Task description —
Every line in the data below has to be repeated exactly; no picture belongs in the result.

(Collected data)
════════════════

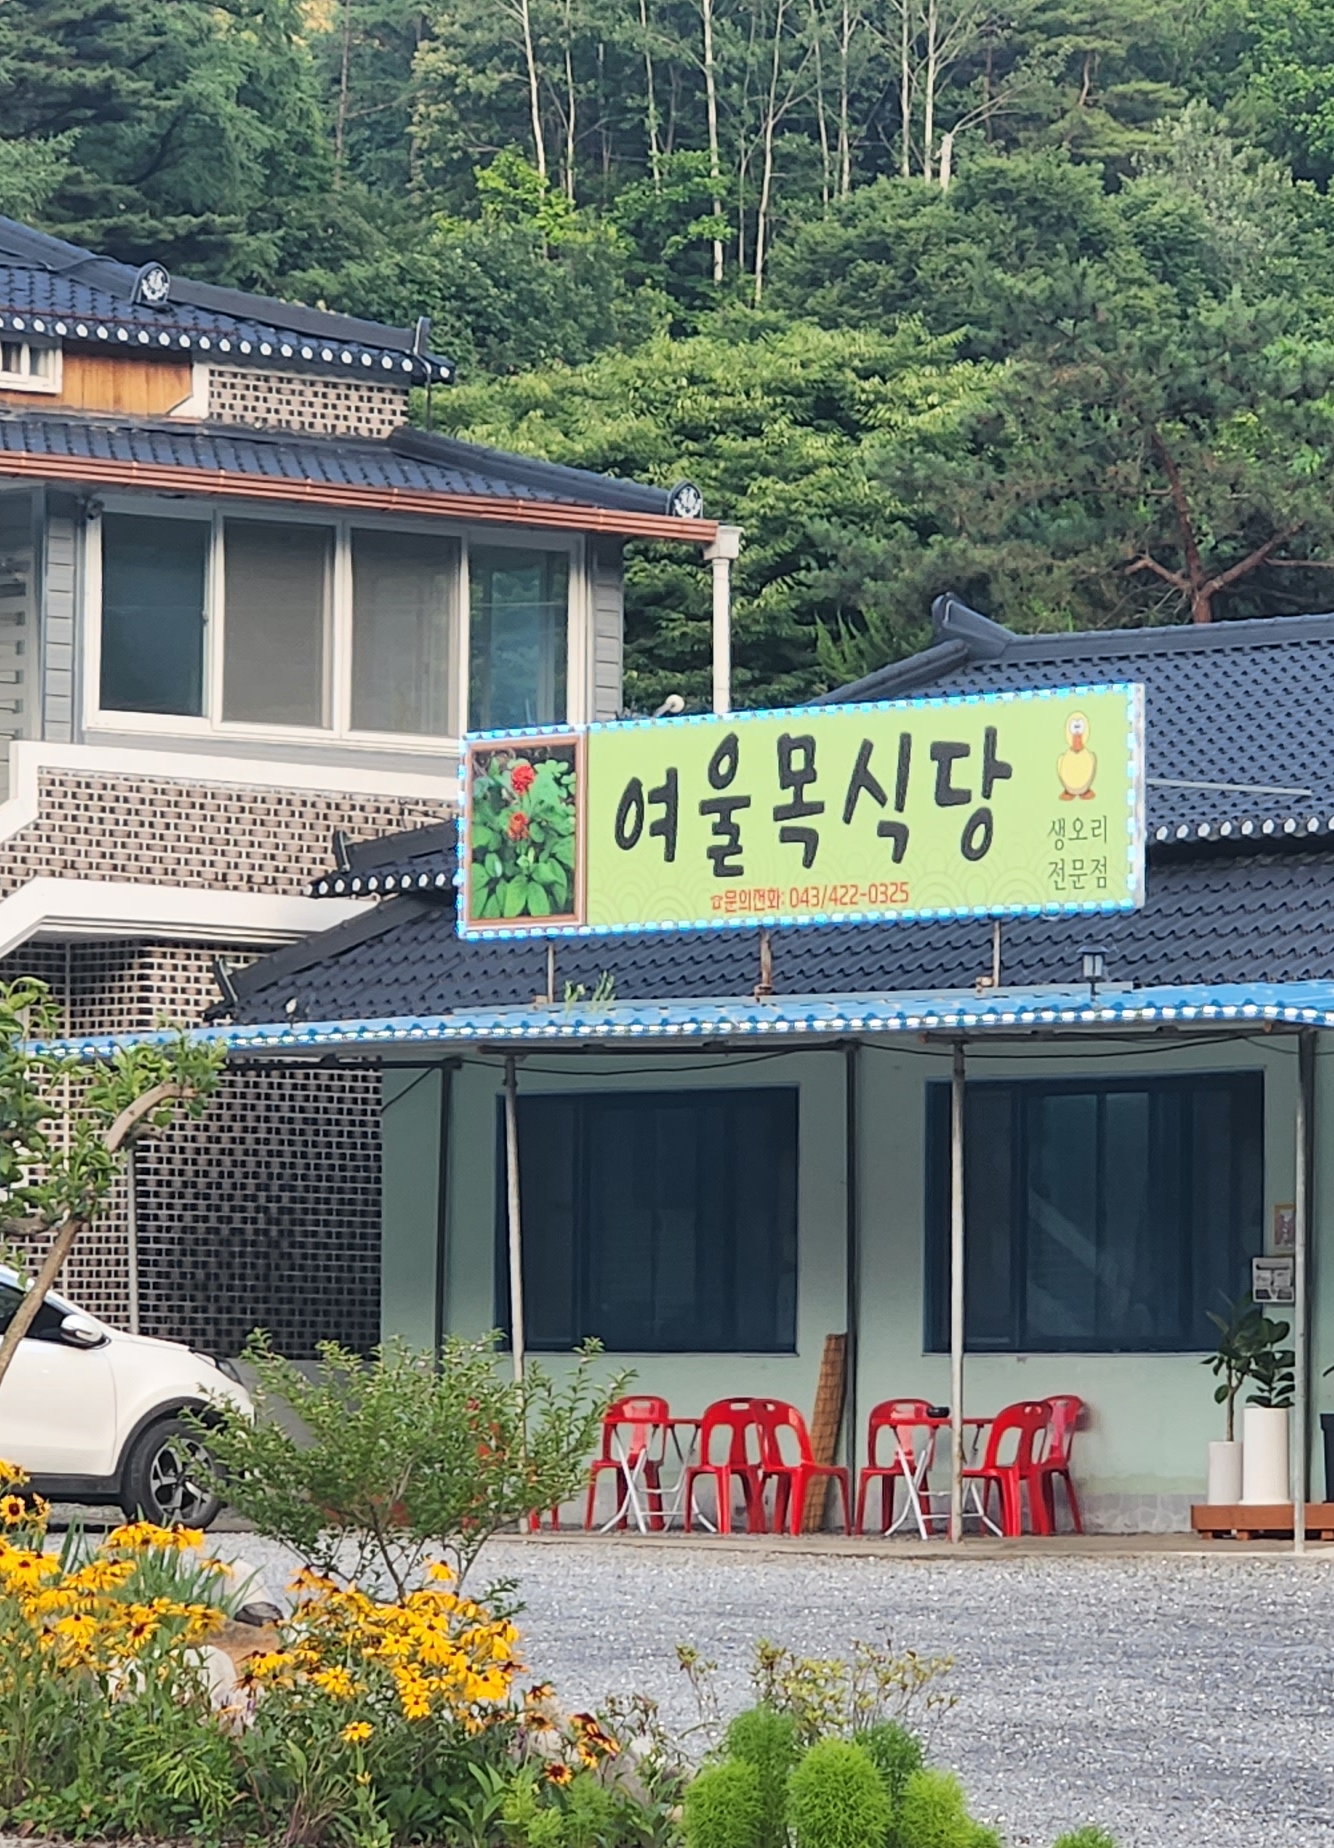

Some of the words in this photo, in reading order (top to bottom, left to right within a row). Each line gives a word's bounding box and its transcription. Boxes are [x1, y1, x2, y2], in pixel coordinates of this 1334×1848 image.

[614, 725, 1013, 878] 여울목식당
[1047, 815, 1107, 851] 생오리
[1048, 856, 1107, 891] 전문점
[789, 882, 909, 909] 043/422-0325
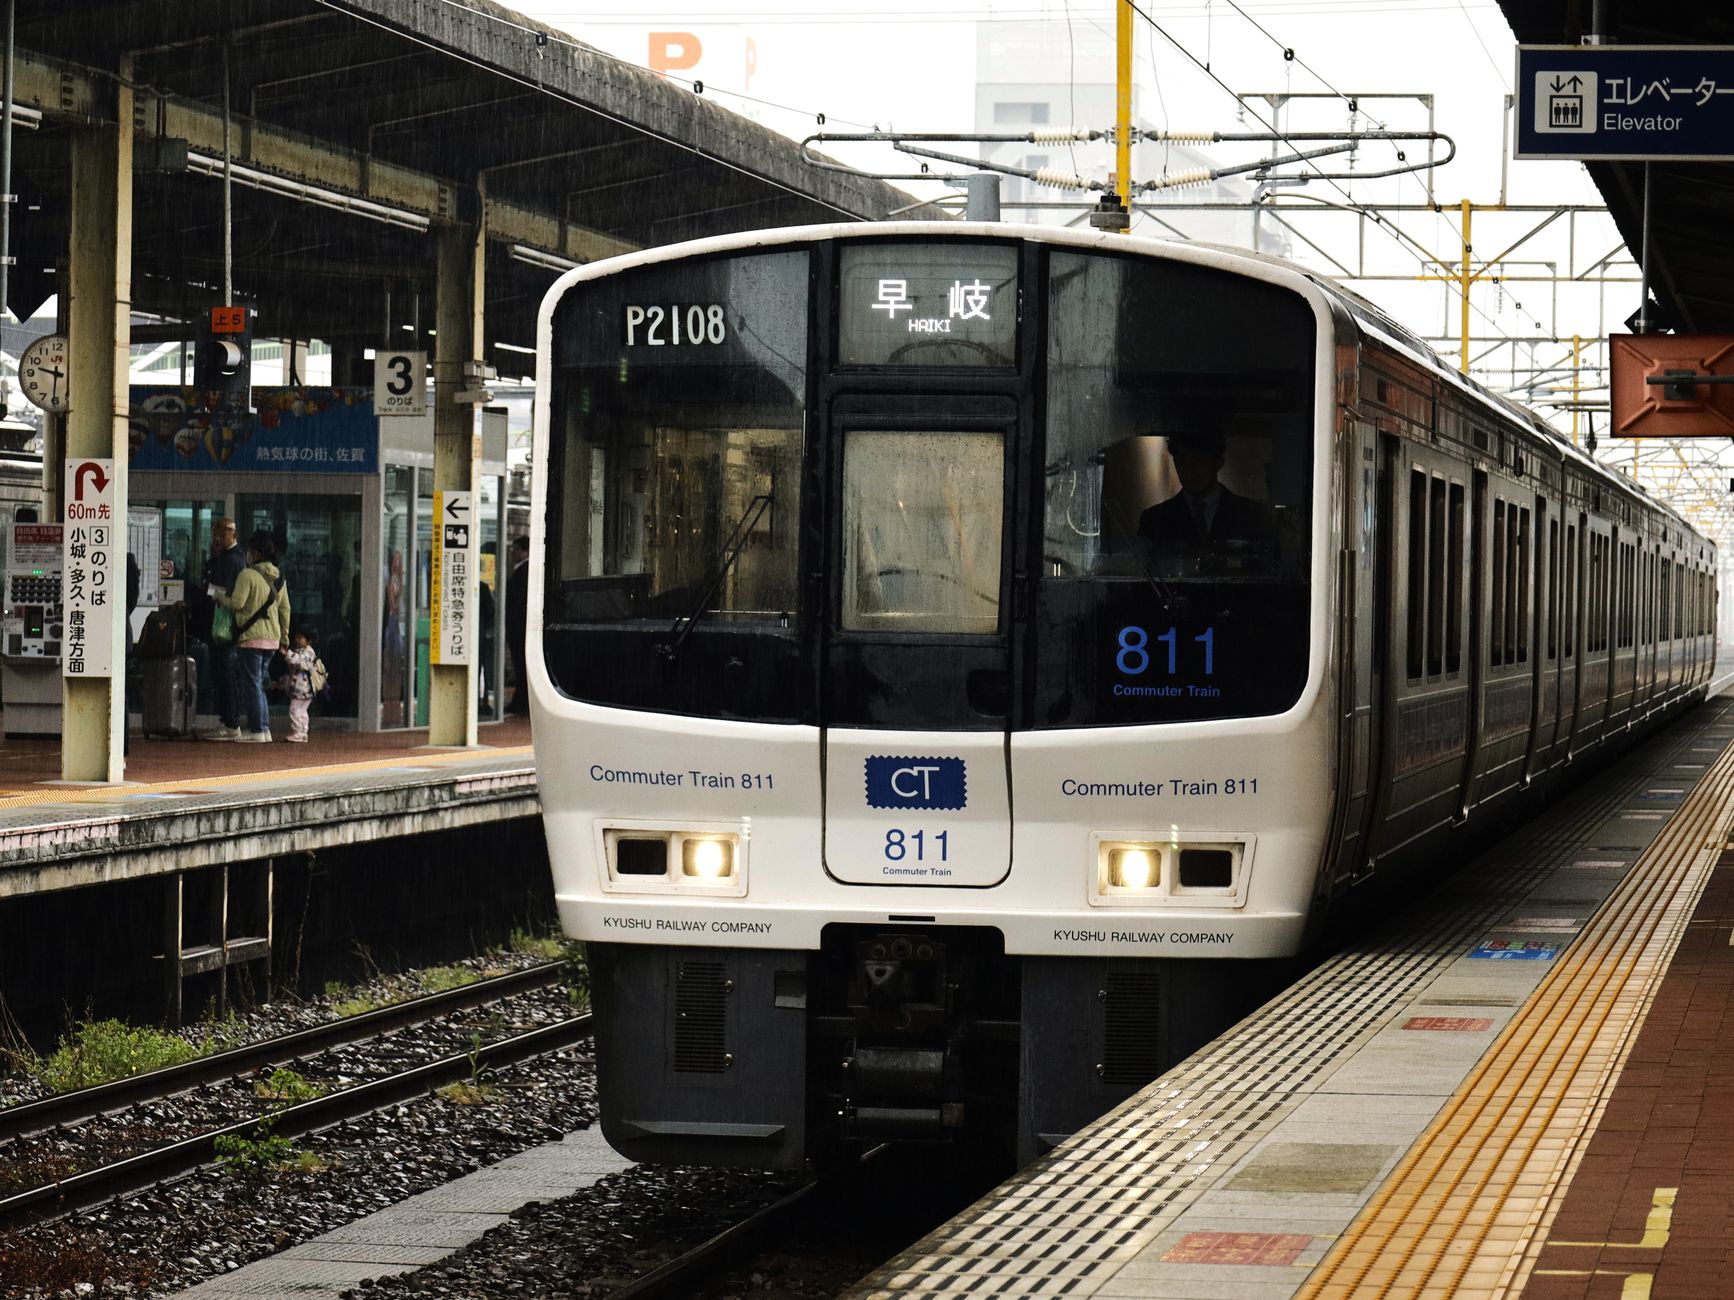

════════════════

Task result —
Some of the words in this photo, in reading order (top to bottom, left to right within a row). Each line gives a word's bounding box and its transcription. Boxes are [x1, y1, x2, y2], in pixel coordinates of this 1334×1848 image.

[614, 725, 1013, 878] 여울목식당
[1047, 815, 1107, 851] 생오리
[1048, 856, 1107, 891] 전문점
[789, 882, 909, 909] 043/422-0325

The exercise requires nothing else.